Question: If quantum teleportation could teleport a whole human, would that transported human really be the same person or just an exact copy? (Submitted by Matthew Miossec)
Michio Kaku: Matthew, you ask one of the most embarrassing and deepest theological questions at the merger, at the area where physics and philosophy collide. At the present time we can only teleport photons, particles of light and atoms like cesium and rubidium. That is it for the present time. However, in the coming years we do expect to be able to teleport molecules, maybe water, carbon dioxide. After that who knows? Maybe even DNA, maybe organic molecules.

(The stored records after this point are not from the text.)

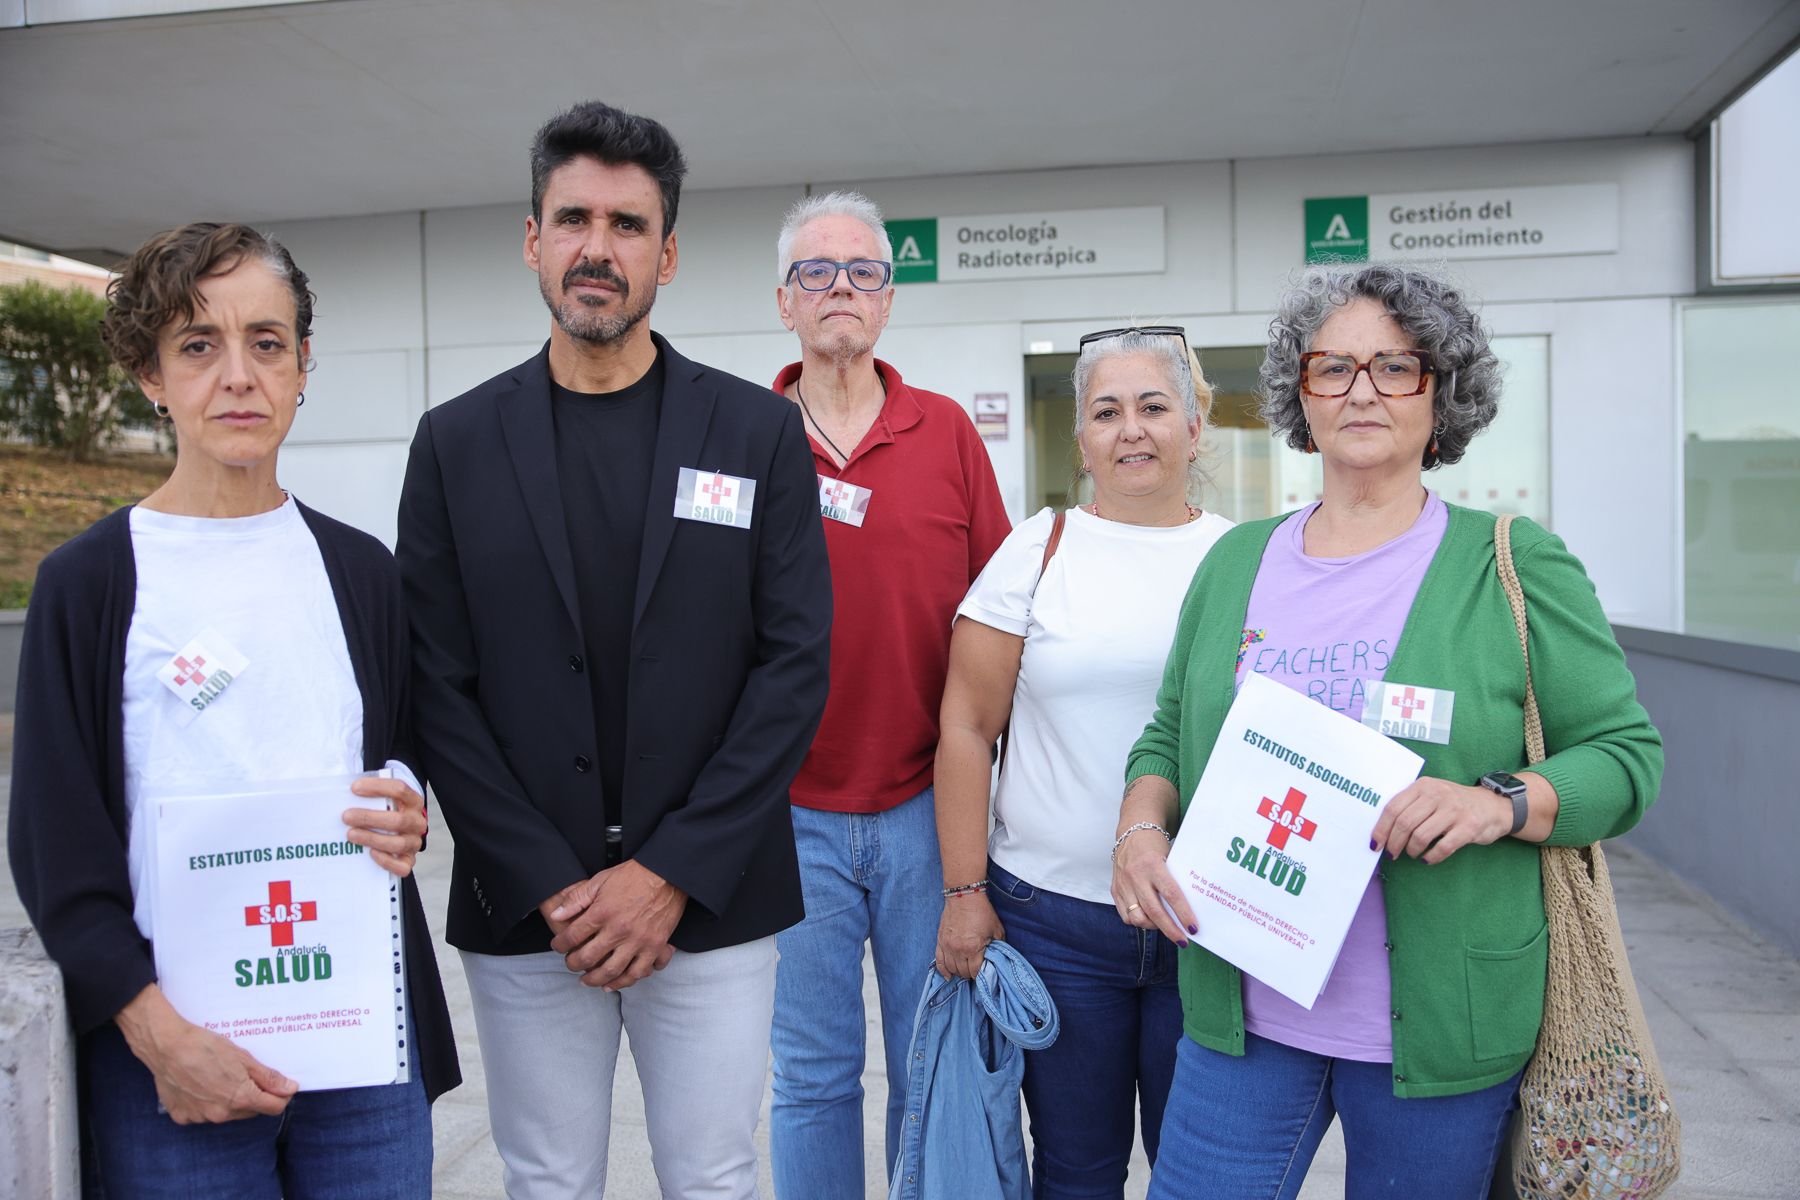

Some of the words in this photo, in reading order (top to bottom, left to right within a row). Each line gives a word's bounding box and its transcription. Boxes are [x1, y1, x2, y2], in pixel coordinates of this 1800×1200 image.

[1389, 201, 1472, 225] Gestión
[1478, 200, 1512, 220] del
[957, 221, 1058, 246] Oncología
[1389, 228, 1544, 250] Conocimiento
[957, 246, 1097, 270] Radioterápica
[694, 505, 734, 523] SALUD
[820, 504, 848, 521] ALUD
[190, 670, 234, 711] SALUD
[1382, 720, 1427, 738] SALUD
[1243, 728, 1307, 770] ESTATUTOS
[1305, 761, 1381, 807] ASOCIACIÓN
[1268, 803, 1305, 834] S.O.S
[189, 848, 272, 870] ESTATUTOS
[1226, 836, 1307, 897] SALUD
[1266, 846, 1307, 873] Andalucía
[259, 903, 303, 924] S.O.S
[1189, 870, 1200, 880] Por
[1201, 877, 1208, 885] la
[1208, 881, 1237, 901] defensa
[1238, 897, 1247, 906] de
[1248, 903, 1274, 921] nuestro
[1275, 918, 1309, 941] DERECHO
[1191, 883, 1205, 893] una
[1205, 889, 1237, 911] SANIDAD
[1238, 907, 1266, 928] PÚBLICA
[1267, 924, 1305, 950] UNIVERSAL
[277, 943, 327, 956] Andalucía
[234, 953, 332, 987] SALUD
[232, 1018, 269, 1027] defensa
[271, 1015, 283, 1023] de
[285, 1012, 318, 1022] nuestro
[320, 1008, 361, 1019] DERECHO
[233, 1027, 274, 1038] SANIDAD
[277, 1022, 313, 1033] PÚBLICA
[315, 1019, 362, 1031] UNIVERSAL

Now to teleport a human raises all the ethical questions that you mentioned, because the original first of all has to be destroyed in the process of quantum teleportation. So if get Captain Kirk, zap him across the room, you have now seen Captain Kirk die. You’ve seen his atoms fall apart, but here is this other Captain Kirk on the other side of the room who has the same bad jokes, who has the same character, all the personality quirks as the original Captain Kirk. So the imposter says, "No, I’m real. I have the memories, the personality, the quirks. I am Captain Kirk." Well you just saw the original die and if you believe in a soul that soul went to heaven or maybe the other place, but that person is dead, so who is this imposter over there? Does the imposter have a soul?
So it raises the question are we nothing but information? Is the soul, the essence of who we are, nothing but information? Well I’m a physicist. We don’t know the answer to that. All we’re saying is: it is physically possible to teleport an entire human being across the room or maybe onto Mars. It is physically possible to do that and it raises a valid question. What happened to the soul if your original copy died and somebody out there has all your memories? What does that mean? And the answer is we don’t know.